Download or read book Stochastic Controls written by Jiongmin Yong and published by Springer Science & Business Media. This book was released on 2012-12-06 with total page 459 pages. Available in PDF, EPUB and Kindle. Book excerpt: As is well known, Pontryagin's maximum principle and Bellman's dynamic programming are the two principal and most commonly used approaches in solving stochastic optimal control problems. * An interesting phenomenon one can observe from the literature is that these two approaches have been developed separately and independently. Since both methods are used to investigate the same problems, a natural question one will ask is the fol lowing: (Q) What is the relationship betwccn the maximum principlc and dy namic programming in stochastic optimal controls? There did exist some researches (prior to the 1980s) on the relationship between these two. Nevertheless, the results usually werestated in heuristic terms and proved under rather restrictive assumptions, which were not satisfied in most cases. In the statement of a Pontryagin-type maximum principle there is an adjoint equation, which is an ordinary differential equation (ODE) in the (finite-dimensional) deterministic case and a stochastic differential equation (SDE) in the stochastic case. The system consisting of the adjoint equa tion, the original state equation, and the maximum condition is referred to as an (extended) Hamiltonian system.

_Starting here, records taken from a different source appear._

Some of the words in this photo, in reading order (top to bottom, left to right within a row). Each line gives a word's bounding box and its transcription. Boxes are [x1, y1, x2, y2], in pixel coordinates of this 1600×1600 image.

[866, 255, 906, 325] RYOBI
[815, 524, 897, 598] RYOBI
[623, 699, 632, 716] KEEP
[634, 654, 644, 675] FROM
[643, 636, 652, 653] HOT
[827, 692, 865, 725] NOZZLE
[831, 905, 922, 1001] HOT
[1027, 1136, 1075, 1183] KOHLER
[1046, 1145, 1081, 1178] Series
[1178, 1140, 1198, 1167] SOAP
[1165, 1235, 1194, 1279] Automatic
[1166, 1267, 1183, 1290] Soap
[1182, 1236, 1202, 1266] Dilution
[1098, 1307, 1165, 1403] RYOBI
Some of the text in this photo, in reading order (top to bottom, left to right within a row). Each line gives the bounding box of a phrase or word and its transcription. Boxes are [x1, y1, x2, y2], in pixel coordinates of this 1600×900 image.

On the other hand, in Bellman's dynamic programming, there is a partial differential equation (PDE), of first order in the (finite-dimensional) deterministic case and of second or der in the stochastic case. This is known as a Hamilton-Jacobi-Bellman (HJB) equation.

Download or read book Point Processes and Jump Diffusions written by Tomas Björk and published by Cambridge University Press. This book was released on 2021-06-17 with total page 323 pages. Available in PDF, EPUB and Kindle. Book excerpt: Develop a deep understanding and working knowledge of point-process theory as well as its applications in finance.